## Directions
Please restate every entry exactly. Leave out the pictures.

(Entries taken from a collection)

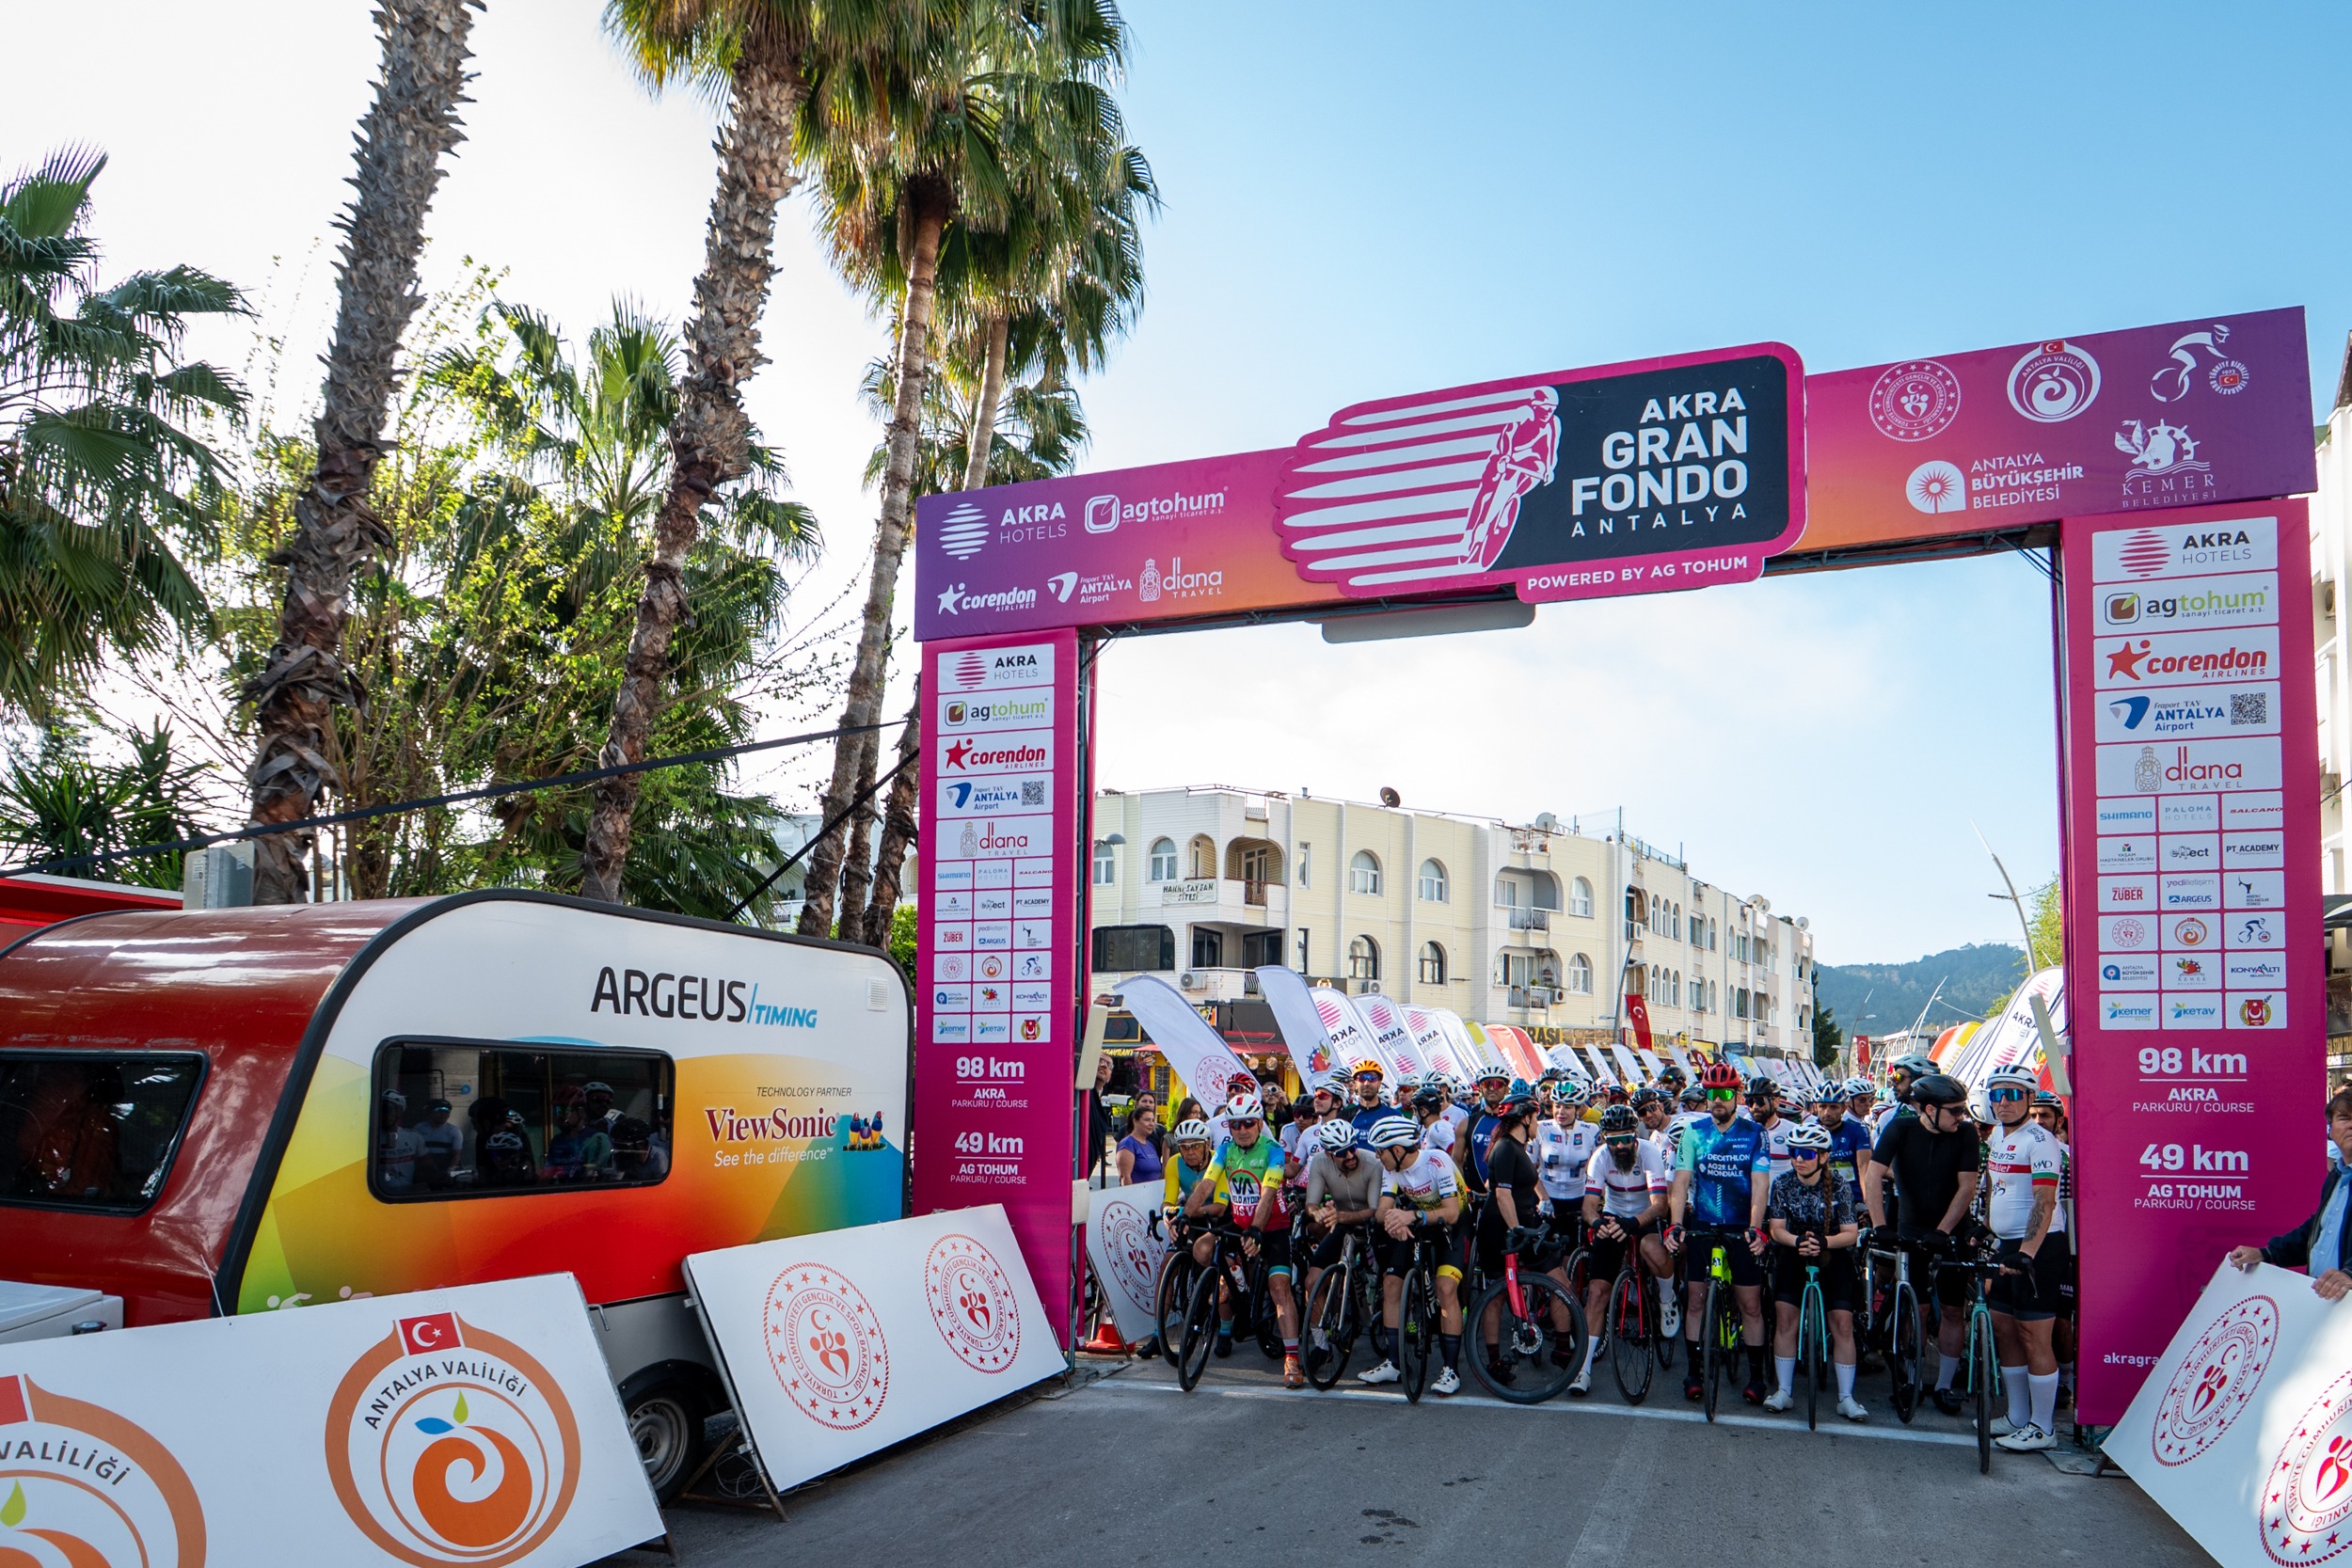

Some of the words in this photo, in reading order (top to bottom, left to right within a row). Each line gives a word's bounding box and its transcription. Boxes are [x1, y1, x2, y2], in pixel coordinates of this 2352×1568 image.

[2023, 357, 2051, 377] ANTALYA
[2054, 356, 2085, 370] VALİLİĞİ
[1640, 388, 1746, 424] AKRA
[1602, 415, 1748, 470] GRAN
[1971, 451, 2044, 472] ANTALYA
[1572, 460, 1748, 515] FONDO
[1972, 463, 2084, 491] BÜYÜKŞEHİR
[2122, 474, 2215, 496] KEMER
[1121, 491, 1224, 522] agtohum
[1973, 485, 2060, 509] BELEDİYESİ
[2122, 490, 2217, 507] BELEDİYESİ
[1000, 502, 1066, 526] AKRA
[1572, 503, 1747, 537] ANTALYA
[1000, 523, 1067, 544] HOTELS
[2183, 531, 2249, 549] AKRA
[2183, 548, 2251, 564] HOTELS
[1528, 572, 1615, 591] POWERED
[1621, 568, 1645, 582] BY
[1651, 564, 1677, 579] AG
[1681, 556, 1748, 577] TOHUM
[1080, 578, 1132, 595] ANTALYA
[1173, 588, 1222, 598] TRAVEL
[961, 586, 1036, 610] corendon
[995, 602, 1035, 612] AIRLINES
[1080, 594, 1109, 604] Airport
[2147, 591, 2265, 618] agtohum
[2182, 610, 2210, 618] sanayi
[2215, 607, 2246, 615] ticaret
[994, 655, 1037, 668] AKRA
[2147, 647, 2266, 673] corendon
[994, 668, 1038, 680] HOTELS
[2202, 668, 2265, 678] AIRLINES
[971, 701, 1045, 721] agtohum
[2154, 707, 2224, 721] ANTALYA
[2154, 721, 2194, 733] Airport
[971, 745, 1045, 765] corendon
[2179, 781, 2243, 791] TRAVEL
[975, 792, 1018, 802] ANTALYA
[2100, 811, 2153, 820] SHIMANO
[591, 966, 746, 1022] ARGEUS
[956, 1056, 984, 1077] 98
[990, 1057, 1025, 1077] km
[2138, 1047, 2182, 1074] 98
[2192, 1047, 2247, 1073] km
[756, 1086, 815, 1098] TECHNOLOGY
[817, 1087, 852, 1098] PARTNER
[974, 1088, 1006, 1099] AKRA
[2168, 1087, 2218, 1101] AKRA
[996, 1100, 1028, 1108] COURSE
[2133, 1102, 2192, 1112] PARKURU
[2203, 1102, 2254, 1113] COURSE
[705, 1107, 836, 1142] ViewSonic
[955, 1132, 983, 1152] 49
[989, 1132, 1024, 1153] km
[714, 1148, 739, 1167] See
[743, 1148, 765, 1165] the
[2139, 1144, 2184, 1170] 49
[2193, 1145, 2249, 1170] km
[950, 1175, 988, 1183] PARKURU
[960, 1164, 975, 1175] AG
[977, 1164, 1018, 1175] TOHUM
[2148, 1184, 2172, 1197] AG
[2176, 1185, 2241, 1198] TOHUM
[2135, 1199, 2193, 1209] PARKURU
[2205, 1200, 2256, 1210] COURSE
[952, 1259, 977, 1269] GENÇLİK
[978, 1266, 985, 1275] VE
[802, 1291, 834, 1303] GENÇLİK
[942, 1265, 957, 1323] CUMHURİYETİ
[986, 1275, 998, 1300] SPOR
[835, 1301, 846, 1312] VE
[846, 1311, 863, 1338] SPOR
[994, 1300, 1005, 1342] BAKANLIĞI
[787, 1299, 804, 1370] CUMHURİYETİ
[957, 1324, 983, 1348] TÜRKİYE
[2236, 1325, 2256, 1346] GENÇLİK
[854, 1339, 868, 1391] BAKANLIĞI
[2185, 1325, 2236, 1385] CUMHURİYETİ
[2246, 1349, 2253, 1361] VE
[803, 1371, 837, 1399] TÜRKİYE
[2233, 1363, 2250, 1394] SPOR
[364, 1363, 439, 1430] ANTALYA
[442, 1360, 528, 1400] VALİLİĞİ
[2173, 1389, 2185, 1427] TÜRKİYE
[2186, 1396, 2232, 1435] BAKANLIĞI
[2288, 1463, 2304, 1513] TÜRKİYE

## The completed task
Some of the words in this photo, in reading order (top to bottom, left to right within a row). Each line gives a word's bounding box and its transcription. Boxes are [x1, y1, x2, y2], in pixel coordinates of this 2352×1568 image.

[2023, 357, 2051, 377] ANTALYA
[2054, 356, 2085, 370] VALİLİĞİ
[1640, 388, 1746, 424] AKRA
[1602, 415, 1748, 470] GRAN
[1971, 451, 2044, 472] ANTALYA
[1572, 460, 1748, 515] FONDO
[1972, 463, 2084, 491] BÜYÜKŞEHİR
[2122, 474, 2215, 496] KEMER
[1121, 491, 1224, 522] agtohum
[1973, 485, 2060, 509] BELEDİYESİ
[2122, 490, 2217, 507] BELEDİYESİ
[1000, 502, 1066, 526] AKRA
[1572, 503, 1747, 537] ANTALYA
[1000, 523, 1067, 544] HOTELS
[2183, 531, 2249, 549] AKRA
[2183, 548, 2251, 564] HOTELS
[1528, 572, 1615, 591] POWERED
[1621, 568, 1645, 582] BY
[1651, 564, 1677, 579] AG
[1681, 556, 1748, 577] TOHUM
[1080, 578, 1132, 595] ANTALYA
[1173, 588, 1222, 598] TRAVEL
[961, 586, 1036, 610] corendon
[995, 602, 1035, 612] AIRLINES
[1080, 594, 1109, 604] Airport
[2147, 591, 2265, 618] agtohum
[2182, 610, 2210, 618] sanayi
[2215, 607, 2246, 615] ticaret
[994, 655, 1037, 668] AKRA
[2147, 647, 2266, 673] corendon
[994, 668, 1038, 680] HOTELS
[2202, 668, 2265, 678] AIRLINES
[971, 701, 1045, 721] agtohum
[2154, 707, 2224, 721] ANTALYA
[2154, 721, 2194, 733] Airport
[971, 745, 1045, 765] corendon
[2179, 781, 2243, 791] TRAVEL
[975, 792, 1018, 802] ANTALYA
[2100, 811, 2153, 820] SHIMANO
[591, 966, 746, 1022] ARGEUS
[956, 1056, 984, 1077] 98
[990, 1057, 1025, 1077] km
[2138, 1047, 2182, 1074] 98
[2192, 1047, 2247, 1073] km
[756, 1086, 815, 1098] TECHNOLOGY
[817, 1087, 852, 1098] PARTNER
[974, 1088, 1006, 1099] AKRA
[2168, 1087, 2218, 1101] AKRA
[996, 1100, 1028, 1108] COURSE
[2133, 1102, 2192, 1112] PARKURU
[2203, 1102, 2254, 1113] COURSE
[705, 1107, 836, 1142] ViewSonic
[955, 1132, 983, 1152] 49
[989, 1132, 1024, 1153] km
[714, 1148, 739, 1167] See
[743, 1148, 765, 1165] the
[2139, 1144, 2184, 1170] 49
[2193, 1145, 2249, 1170] km
[950, 1175, 988, 1183] PARKURU
[960, 1164, 975, 1175] AG
[977, 1164, 1018, 1175] TOHUM
[2148, 1184, 2172, 1197] AG
[2176, 1185, 2241, 1198] TOHUM
[2135, 1199, 2193, 1209] PARKURU
[2205, 1200, 2256, 1210] COURSE
[952, 1259, 977, 1269] GENÇLİK
[978, 1266, 985, 1275] VE
[802, 1291, 834, 1303] GENÇLİK
[942, 1265, 957, 1323] CUMHURİYETİ
[986, 1275, 998, 1300] SPOR
[835, 1301, 846, 1312] VE
[846, 1311, 863, 1338] SPOR
[994, 1300, 1005, 1342] BAKANLIĞI
[787, 1299, 804, 1370] CUMHURİYETİ
[957, 1324, 983, 1348] TÜRKİYE
[2236, 1325, 2256, 1346] GENÇLİK
[854, 1339, 868, 1391] BAKANLIĞI
[2185, 1325, 2236, 1385] CUMHURİYETİ
[2246, 1349, 2253, 1361] VE
[803, 1371, 837, 1399] TÜRKİYE
[2233, 1363, 2250, 1394] SPOR
[364, 1363, 439, 1430] ANTALYA
[442, 1360, 528, 1400] VALİLİĞİ
[2173, 1389, 2185, 1427] TÜRKİYE
[2186, 1396, 2232, 1435] BAKANLIĞI
[2288, 1463, 2304, 1513] TÜRKİYE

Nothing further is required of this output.